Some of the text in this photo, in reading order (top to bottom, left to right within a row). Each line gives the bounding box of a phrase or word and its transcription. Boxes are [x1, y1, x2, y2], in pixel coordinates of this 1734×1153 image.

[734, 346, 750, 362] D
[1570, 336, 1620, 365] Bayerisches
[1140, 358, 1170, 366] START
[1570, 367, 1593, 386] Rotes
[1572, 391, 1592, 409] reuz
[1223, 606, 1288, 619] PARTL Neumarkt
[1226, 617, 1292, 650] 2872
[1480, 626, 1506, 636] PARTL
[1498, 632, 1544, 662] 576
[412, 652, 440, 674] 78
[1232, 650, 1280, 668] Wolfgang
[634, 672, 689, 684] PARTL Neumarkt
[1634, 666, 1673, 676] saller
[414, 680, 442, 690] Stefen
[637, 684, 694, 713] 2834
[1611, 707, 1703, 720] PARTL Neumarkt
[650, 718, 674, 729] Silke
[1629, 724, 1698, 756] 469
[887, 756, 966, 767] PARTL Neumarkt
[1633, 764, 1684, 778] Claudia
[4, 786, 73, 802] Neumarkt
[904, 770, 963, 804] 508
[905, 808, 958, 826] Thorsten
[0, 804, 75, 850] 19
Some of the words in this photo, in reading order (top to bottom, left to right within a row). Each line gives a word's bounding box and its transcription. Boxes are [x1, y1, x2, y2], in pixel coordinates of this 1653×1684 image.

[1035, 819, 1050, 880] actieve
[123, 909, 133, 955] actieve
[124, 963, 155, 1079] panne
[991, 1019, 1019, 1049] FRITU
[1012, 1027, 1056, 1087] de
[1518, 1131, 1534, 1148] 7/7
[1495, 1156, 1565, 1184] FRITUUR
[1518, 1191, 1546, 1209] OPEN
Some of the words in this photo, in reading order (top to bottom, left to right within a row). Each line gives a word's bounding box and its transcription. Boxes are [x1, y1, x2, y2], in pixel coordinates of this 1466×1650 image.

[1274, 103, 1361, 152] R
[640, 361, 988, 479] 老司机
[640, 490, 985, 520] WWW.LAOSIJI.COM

================

Problem to work on
Write out every line, unchanged, from the one containing "this 1466×1650 image." through the closing line of the data.

Your solution
Some of the words in this photo, in reading order (top to bottom, left to right within a row). Each line gives a word's bounding box and its transcription. Boxes are [x1, y1, x2, y2], in pixel coordinates of this 1466×1650 image.

[1274, 103, 1361, 152] R
[640, 361, 988, 479] 老司机
[640, 490, 985, 520] WWW.LAOSIJI.COM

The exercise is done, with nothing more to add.